Add any service-specific secrets (bot tokens, API keys, webhook secrets) in the same .env file. Access them via process.env in src/index.ts or api/index.ts.


Checking config uniqueness across organizations

Section titled “Checking config uniqueness across organizations”

Some integrations need to ensure that a given external resource (like a Discord server) can only be claimed by one Sayr organization at a time. Use getIntegrationConfigByValue to look up existing ownership:

import { getIntegrationConfigByValue } from "@repo/database";
const existing = await getIntegrationConfigByValue(
"settings", // config key
"discordbot", // integration ID
"guildId", // the JSON field to check inside the value blob
body.guildId // the value to look for
);
if (existing && existing.organizationId !== orgId) {
return c.json({ error: "This server is already connected to another organization" }, 400);
}

Full example: Discord Bot integration summary

Section titled “Full example: Discord Bot integration summary”

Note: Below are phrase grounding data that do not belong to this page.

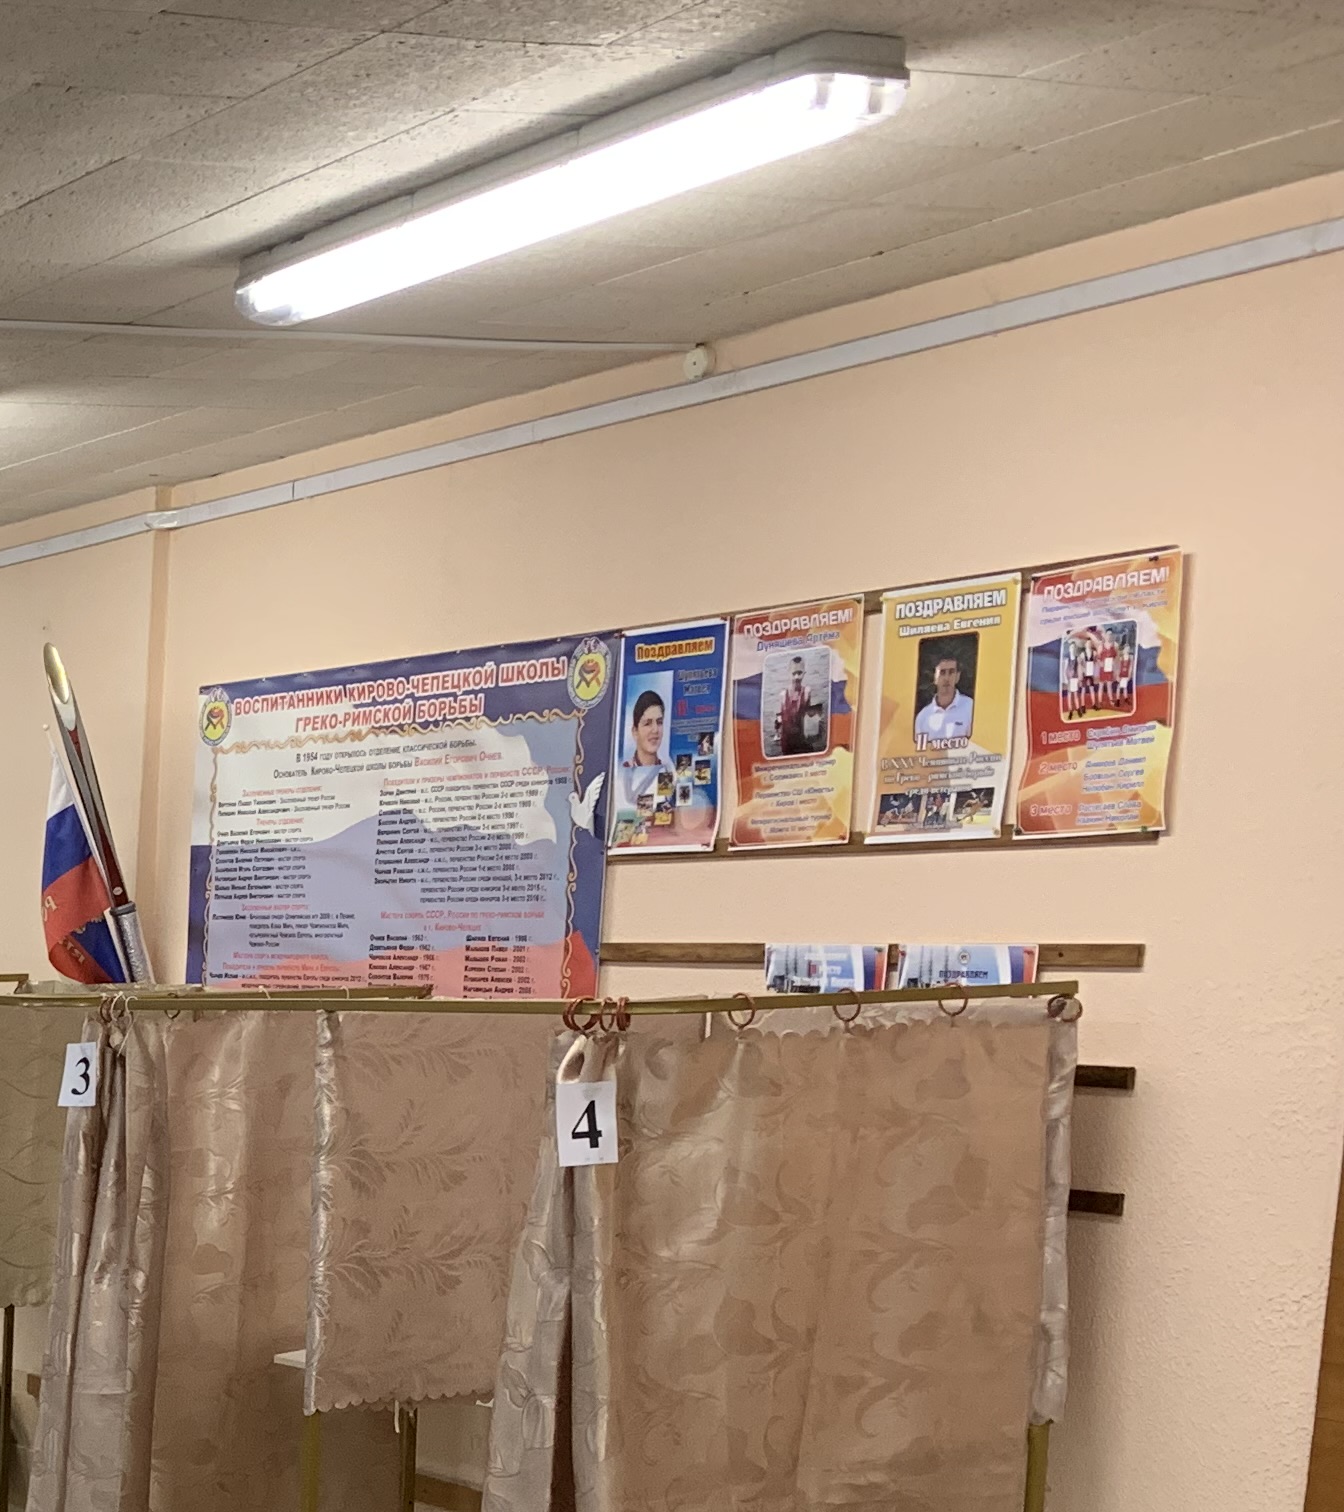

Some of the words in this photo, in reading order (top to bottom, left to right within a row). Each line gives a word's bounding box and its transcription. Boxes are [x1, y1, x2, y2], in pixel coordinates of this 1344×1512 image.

[1044, 566, 1170, 600] ПОЗДРАВЛЯЕМ!
[896, 590, 1006, 618] ПОЗДРАВЛЯЕМ
[744, 608, 854, 638] ПОЗДРАВЛЯЕМ!
[637, 640, 713, 660] Поздравляем
[234, 686, 344, 716] ВОСПИТАННИКИ
[347, 667, 496, 701] КИРОВО-ЧЕПЕЦКОЙ
[499, 658, 568, 684] ШКОЛЫ
[295, 702, 412, 733] ГРЕКО-РИМСКОЙ
[415, 695, 484, 722] БОРЬБЫ
[932, 738, 968, 750] место
[71, 1057, 90, 1095] 3
[572, 1100, 602, 1148] 4
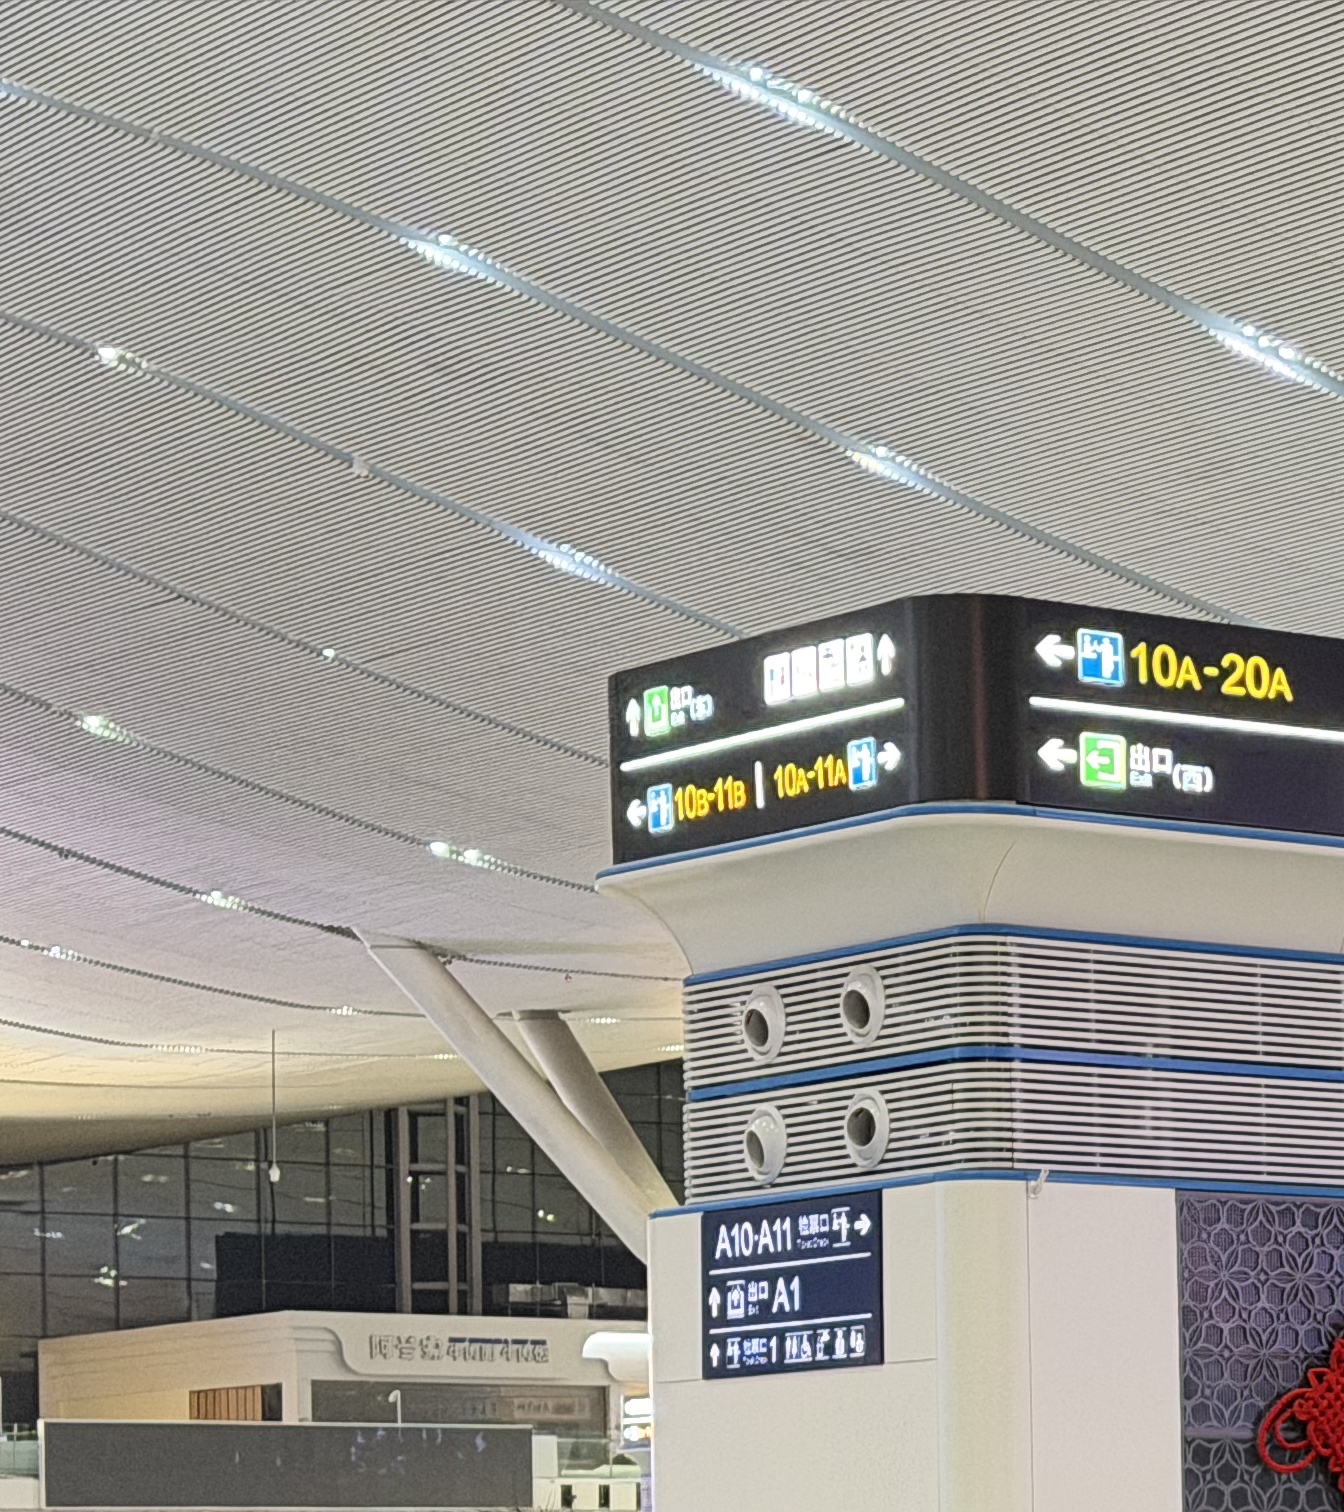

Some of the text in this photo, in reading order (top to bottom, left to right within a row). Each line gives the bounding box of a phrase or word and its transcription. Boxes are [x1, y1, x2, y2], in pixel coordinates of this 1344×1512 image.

The Discord Bot (integrations/services/discordbot/) demonstrates all of these patterns together:

FileWhat it does
integration.tsDefines the manifest, registers the integration.
api/index.tsHono routes for reading/writing settings and managing templates. Uses getIntegrationConfig, setIntegrationConfig, getIntegrationStorage, setIntegrationStorage, and direct DB queries.
ui/pages.tsDeclarative settings page (card with save + invite-bot action) and templates page (CRUD list with create/edit/delete dialogs).
docs.tsMarkdown overview shown to admins.
src/index.tsStarts the Discord.js client, registers slash commands, connects to Sayr’s SSE stream to post and update Discord messages when tasks change.
src/commands/create.tsHandles /sayr create — shows template picker or modal, submits task via Sayr.me.createTask(), posts a confirmation.
src/types/index.tsShared TypeScript interface for the settings config value.

  1. Copy integrations/.env.example to integrations/.env and fill in the required variables.

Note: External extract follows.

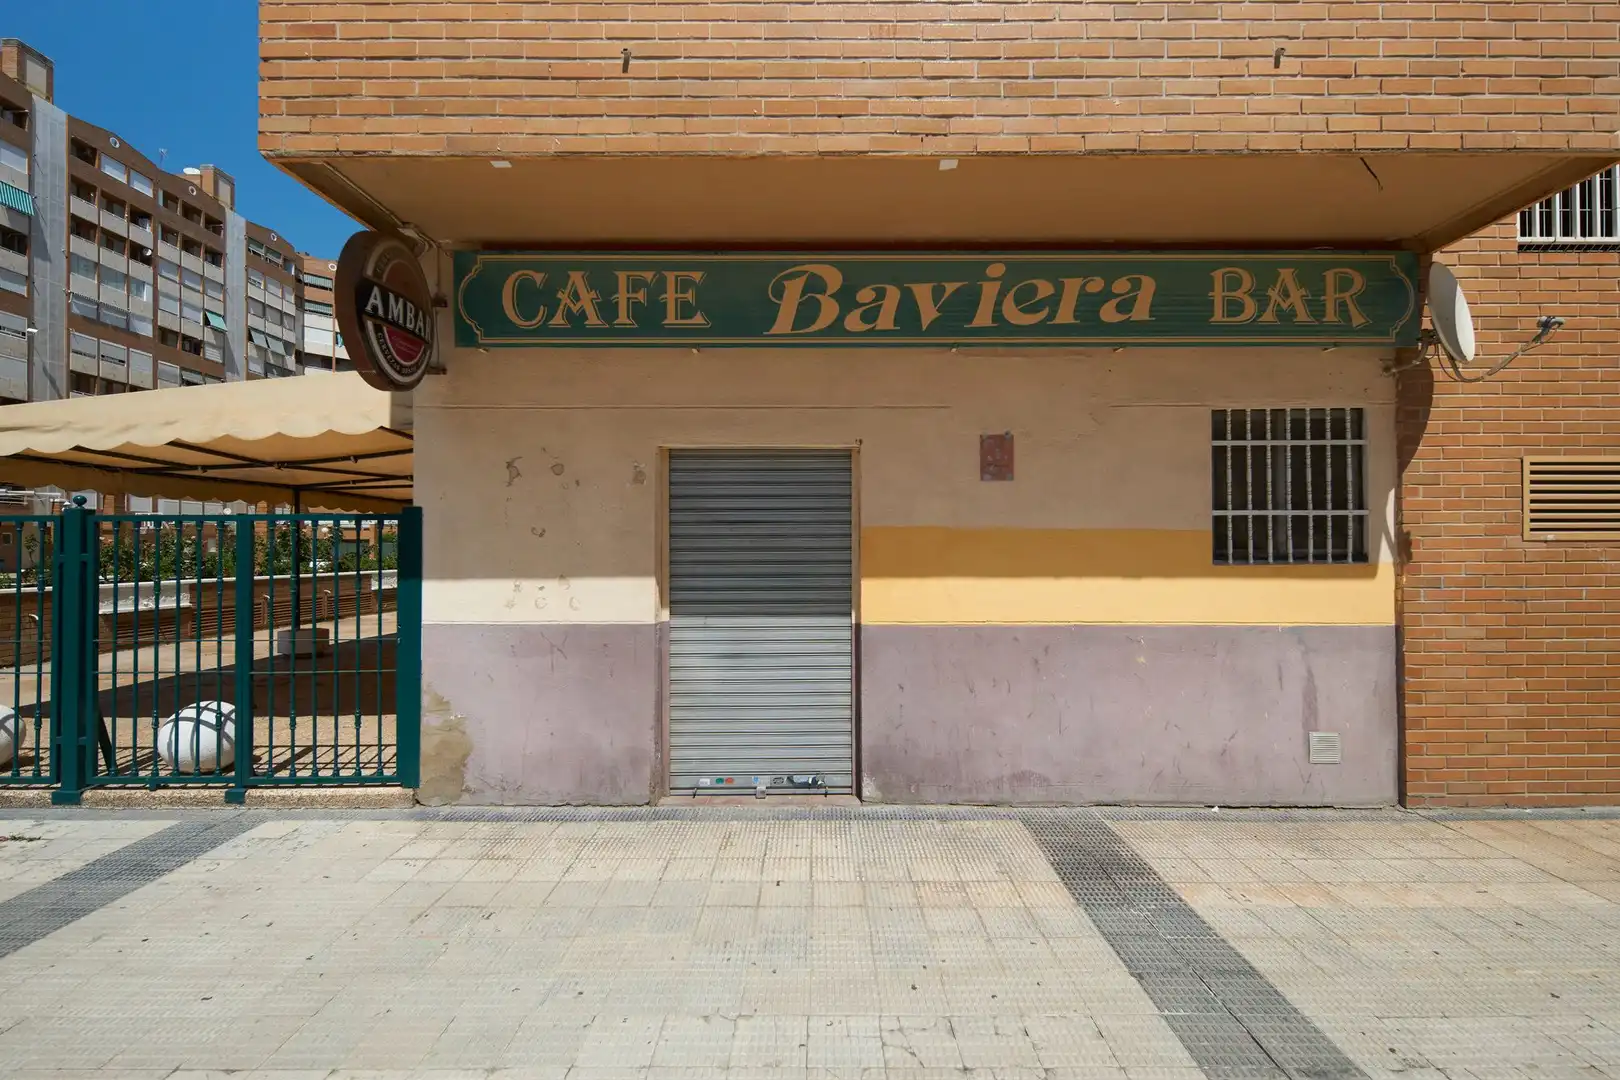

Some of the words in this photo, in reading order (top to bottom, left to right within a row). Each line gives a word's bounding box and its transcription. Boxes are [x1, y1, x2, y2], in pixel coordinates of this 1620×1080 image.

[502, 269, 712, 329] CAFE
[762, 262, 1157, 335] Baviera
[1208, 266, 1372, 329] BAR

  2. Add INTEGRATION_<YOUR_ID>_ENABLED=true to that file.

  3. Start the full stack with pnpm dev or start the integrations app independently.

  4. Navigate to Settings → Connections in any Sayr organization to see your integration listed.

  5. Check the server console — a successful registration prints:

    Integration 'my-integration' loaded successfully: My Integration (version 1.0.0) by Your Name.